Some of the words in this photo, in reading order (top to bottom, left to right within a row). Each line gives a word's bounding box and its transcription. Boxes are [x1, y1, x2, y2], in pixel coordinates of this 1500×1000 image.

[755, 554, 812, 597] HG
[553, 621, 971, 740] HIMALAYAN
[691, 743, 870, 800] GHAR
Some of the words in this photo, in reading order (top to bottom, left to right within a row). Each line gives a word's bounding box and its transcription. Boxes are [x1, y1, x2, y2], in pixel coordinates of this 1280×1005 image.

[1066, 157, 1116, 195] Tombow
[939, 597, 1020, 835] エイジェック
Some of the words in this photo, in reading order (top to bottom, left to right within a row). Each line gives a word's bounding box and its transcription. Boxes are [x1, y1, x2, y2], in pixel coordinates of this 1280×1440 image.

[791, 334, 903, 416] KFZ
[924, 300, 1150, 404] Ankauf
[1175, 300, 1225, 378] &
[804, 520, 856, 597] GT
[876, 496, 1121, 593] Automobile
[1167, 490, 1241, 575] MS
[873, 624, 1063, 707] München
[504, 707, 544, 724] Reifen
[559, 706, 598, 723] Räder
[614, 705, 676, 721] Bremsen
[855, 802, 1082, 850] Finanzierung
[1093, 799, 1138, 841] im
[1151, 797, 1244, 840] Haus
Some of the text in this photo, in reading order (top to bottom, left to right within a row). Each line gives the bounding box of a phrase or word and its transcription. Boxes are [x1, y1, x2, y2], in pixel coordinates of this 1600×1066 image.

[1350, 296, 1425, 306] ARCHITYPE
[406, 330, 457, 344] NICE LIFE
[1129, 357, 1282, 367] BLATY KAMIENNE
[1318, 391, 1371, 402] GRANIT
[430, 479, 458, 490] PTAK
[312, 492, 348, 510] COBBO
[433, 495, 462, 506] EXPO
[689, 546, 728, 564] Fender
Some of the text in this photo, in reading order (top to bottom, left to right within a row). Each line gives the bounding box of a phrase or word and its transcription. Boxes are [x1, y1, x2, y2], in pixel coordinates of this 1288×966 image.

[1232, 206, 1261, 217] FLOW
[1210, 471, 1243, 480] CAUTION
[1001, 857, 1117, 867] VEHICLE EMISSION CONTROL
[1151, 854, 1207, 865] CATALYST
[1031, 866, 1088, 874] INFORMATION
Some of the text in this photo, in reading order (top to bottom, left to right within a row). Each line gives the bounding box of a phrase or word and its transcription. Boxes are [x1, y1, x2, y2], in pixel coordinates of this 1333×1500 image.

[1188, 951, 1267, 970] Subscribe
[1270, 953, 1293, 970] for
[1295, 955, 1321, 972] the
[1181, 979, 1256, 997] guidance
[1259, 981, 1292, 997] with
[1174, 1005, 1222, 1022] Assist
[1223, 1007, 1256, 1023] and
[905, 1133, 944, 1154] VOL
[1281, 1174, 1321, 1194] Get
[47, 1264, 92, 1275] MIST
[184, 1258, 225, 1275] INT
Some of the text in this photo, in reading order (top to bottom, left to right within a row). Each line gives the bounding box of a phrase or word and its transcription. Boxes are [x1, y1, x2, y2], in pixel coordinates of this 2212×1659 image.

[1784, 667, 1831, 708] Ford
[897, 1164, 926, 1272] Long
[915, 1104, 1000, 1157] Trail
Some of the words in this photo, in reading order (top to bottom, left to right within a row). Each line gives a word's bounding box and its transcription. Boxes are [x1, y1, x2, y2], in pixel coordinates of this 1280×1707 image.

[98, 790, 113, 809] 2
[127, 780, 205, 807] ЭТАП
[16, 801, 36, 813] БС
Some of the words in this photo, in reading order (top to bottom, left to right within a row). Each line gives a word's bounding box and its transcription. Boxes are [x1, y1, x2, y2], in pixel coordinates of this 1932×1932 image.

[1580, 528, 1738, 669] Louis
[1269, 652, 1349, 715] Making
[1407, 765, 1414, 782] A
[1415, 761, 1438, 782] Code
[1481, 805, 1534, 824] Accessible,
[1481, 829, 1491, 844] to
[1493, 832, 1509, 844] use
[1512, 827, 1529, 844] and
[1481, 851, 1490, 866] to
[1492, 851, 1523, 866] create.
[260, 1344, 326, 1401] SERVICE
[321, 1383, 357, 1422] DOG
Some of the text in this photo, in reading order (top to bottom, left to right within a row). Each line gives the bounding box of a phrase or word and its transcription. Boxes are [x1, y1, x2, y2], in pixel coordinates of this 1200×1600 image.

#### TASK TO COMPLETE:
Using the entries above, print each one again without any alteration.

#### RESULT:
Some of the words in this photo, in reading order (top to bottom, left to right within a row). Each line gives a word's bounding box and its transcription. Boxes are [x1, y1, x2, y2], in pixel coordinates of this 1500×1000 image.

[755, 554, 812, 597] HG
[553, 621, 971, 740] HIMALAYAN
[691, 743, 870, 800] GHAR
Some of the words in this photo, in reading order (top to bottom, left to right within a row). Each line gives a word's bounding box and its transcription. Boxes are [x1, y1, x2, y2], in pixel coordinates of this 1280×1005 image.

[1066, 157, 1116, 195] Tombow
[939, 597, 1020, 835] エイジェック
Some of the words in this photo, in reading order (top to bottom, left to right within a row). Each line gives a word's bounding box and its transcription. Boxes are [x1, y1, x2, y2], in pixel coordinates of this 1280×1440 image.

[791, 334, 903, 416] KFZ
[924, 300, 1150, 404] Ankauf
[1175, 300, 1225, 378] &
[804, 520, 856, 597] GT
[876, 496, 1121, 593] Automobile
[1167, 490, 1241, 575] MS
[873, 624, 1063, 707] München
[504, 707, 544, 724] Reifen
[559, 706, 598, 723] Räder
[614, 705, 676, 721] Bremsen
[855, 802, 1082, 850] Finanzierung
[1093, 799, 1138, 841] im
[1151, 797, 1244, 840] Haus
Some of the text in this photo, in reading order (top to bottom, left to right within a row). Each line gives the bounding box of a phrase or word and its transcription. Boxes are [x1, y1, x2, y2], in pixel coordinates of this 1600×1066 image.

[1350, 296, 1425, 306] ARCHITYPE
[406, 330, 457, 344] NICE LIFE
[1129, 357, 1282, 367] BLATY KAMIENNE
[1318, 391, 1371, 402] GRANIT
[430, 479, 458, 490] PTAK
[312, 492, 348, 510] COBBO
[433, 495, 462, 506] EXPO
[689, 546, 728, 564] Fender
Some of the text in this photo, in reading order (top to bottom, left to right within a row). Each line gives the bounding box of a phrase or word and its transcription. Boxes are [x1, y1, x2, y2], in pixel coordinates of this 1288×966 image.

[1232, 206, 1261, 217] FLOW
[1210, 471, 1243, 480] CAUTION
[1001, 857, 1117, 867] VEHICLE EMISSION CONTROL
[1151, 854, 1207, 865] CATALYST
[1031, 866, 1088, 874] INFORMATION
Some of the text in this photo, in reading order (top to bottom, left to right within a row). Each line gives the bounding box of a phrase or word and its transcription. Boxes are [x1, y1, x2, y2], in pixel coordinates of this 1333×1500 image.

[1188, 951, 1267, 970] Subscribe
[1270, 953, 1293, 970] for
[1295, 955, 1321, 972] the
[1181, 979, 1256, 997] guidance
[1259, 981, 1292, 997] with
[1174, 1005, 1222, 1022] Assist
[1223, 1007, 1256, 1023] and
[905, 1133, 944, 1154] VOL
[1281, 1174, 1321, 1194] Get
[47, 1264, 92, 1275] MIST
[184, 1258, 225, 1275] INT
Some of the text in this photo, in reading order (top to bottom, left to right within a row). Each line gives the bounding box of a phrase or word and its transcription. Boxes are [x1, y1, x2, y2], in pixel coordinates of this 2212×1659 image.

[1784, 667, 1831, 708] Ford
[897, 1164, 926, 1272] Long
[915, 1104, 1000, 1157] Trail
Some of the words in this photo, in reading order (top to bottom, left to right within a row). Each line gives a word's bounding box and its transcription. Boxes are [x1, y1, x2, y2], in pixel coordinates of this 1280×1707 image.

[98, 790, 113, 809] 2
[127, 780, 205, 807] ЭТАП
[16, 801, 36, 813] БС
Some of the words in this photo, in reading order (top to bottom, left to right within a row). Each line gives a word's bounding box and its transcription. Boxes are [x1, y1, x2, y2], in pixel coordinates of this 1932×1932 image.

[1580, 528, 1738, 669] Louis
[1269, 652, 1349, 715] Making
[1407, 765, 1414, 782] A
[1415, 761, 1438, 782] Code
[1481, 805, 1534, 824] Accessible,
[1481, 829, 1491, 844] to
[1493, 832, 1509, 844] use
[1512, 827, 1529, 844] and
[1481, 851, 1490, 866] to
[1492, 851, 1523, 866] create.
[260, 1344, 326, 1401] SERVICE
[321, 1383, 357, 1422] DOG
Some of the text in this photo, in reading order (top to bottom, left to right within a row). Each line gives the bounding box of a phrase or word and its transcription. Boxes are [x1, y1, x2, y2], in pixel coordinates of this 1200×1600 image.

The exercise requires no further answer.